Bees, for example, select new hives using this technique. Thousands of honeybees will take off with a new queen and temporarily cluster at some spot while experienced foragers set off as scouts, looking for a suitable den. When scouts find something promising they return to the group and perform a figure 8 dance. The speed of the dance indicates enthusiasm for the site, the number of “waggles” in the middle of the performance shows distance, and the angle of the dance relative to vertical shows which direction to fly. The speedier dancers enlist more scouts to verify the find. Half a dozen or more groups may be sending out scout patrols at first, but the bees tend to collect around scouts who perform the most frenetically. Less excited scouts eventually give in. (This differs from some human meetings where no one is willing to concede.) When everyone’s dancing the same jig, the swarm moves to its new home—which is almost always the best choice.
A German researcher, Frantisek Baluska, and colleagues believe that plant roots may act with a similar group consensus. In a paper published in the December 2010 issue of Trends in Ecology and Evolution they describe work done with winter rye. One rye plant possessed 13,815,672 roots—plenty for a healthy quorum. Baluska says, “Growing root apices show complex behavior based on ‘intelligent’ decisions about their growth directions. Moreover, growing roots show coordinated group behavior that allows them to exploit the soil resources optimally.”

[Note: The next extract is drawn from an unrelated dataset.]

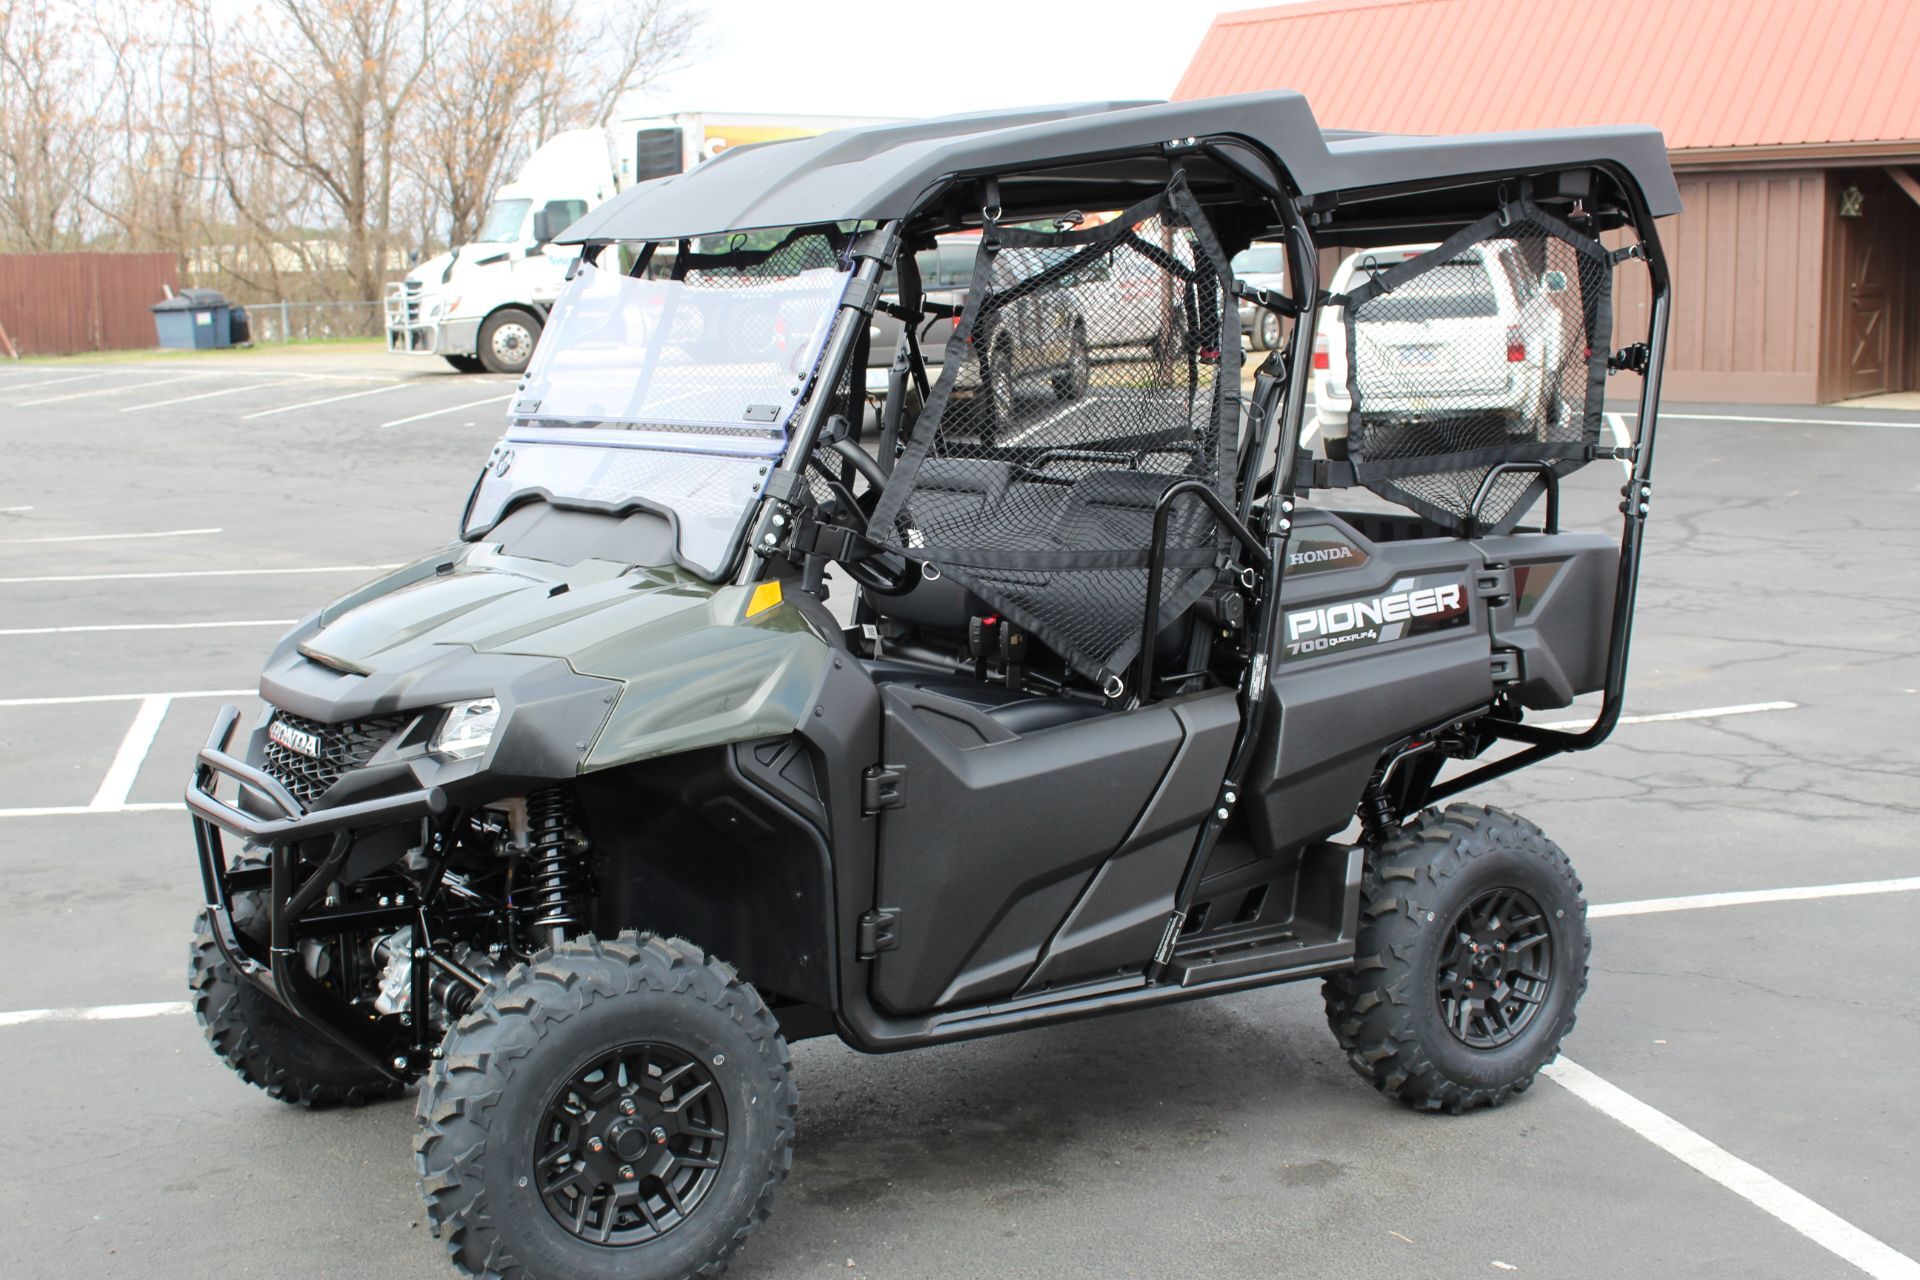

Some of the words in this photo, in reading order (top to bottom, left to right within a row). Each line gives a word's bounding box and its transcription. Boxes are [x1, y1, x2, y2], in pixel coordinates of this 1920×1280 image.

[1289, 546, 1352, 565] HONDA
[1288, 584, 1460, 641] PIONEER
[1287, 638, 1329, 656] 700
[270, 720, 318, 758] HONDA

Baluska outlines three possible mechanisms for this plant behavior: some kind of neural-like network within plant tissues, secreted or evaporated chemicals, or electric fields generated within the roots. The group has leaned toward the concept of nerve-like electrical impulses because of the speed of root responses, but this has generated criticism from other scientists.
Whatever the mechanism, Baluska claims that each root tip acquires information at least partly independently that is then processed along with information from other roots to affect where and how the roots grow. This qualifies as a kind of swarm intelligence, in his view. Plants can thus exploit nutrient bonanzas they encounter in the soil. Susan Milius in a Science News article says, “In earlier experiments dividing a plant’s roots between two pots, the segment in a private pot still shows a response if its counterparts in another container meet some nutrient-sucking intruder.”
Anthony Trewavas of the University of Edinburgh freely uses the phrase ‘plant intelligence’ as a way to describe plants’ abilities to solve the problems of their existence. David G. Robinson of the University of Heidelberg in Germany said, “I see no reason why one can’t simply talk about signal transduction in plants.” He challenges plant neurobiologists to train plants to do something like bend toward a yellow light or avoid a blue one. “My guess is that neither experiment would work,” he said. He described plant neurobiology as “Absolute rubbish, rubbish!”
All the lively discussion is good for plant science—and an integral part of the scientific process in general. Science progresses through experimentation and repeated verification, followed by eventual acceptance or denial of the original hypothesis. Plants do some amazing things for creatures rooted to one spot, and someday plant scientists may swarm to a consensus as to how the deeds are done.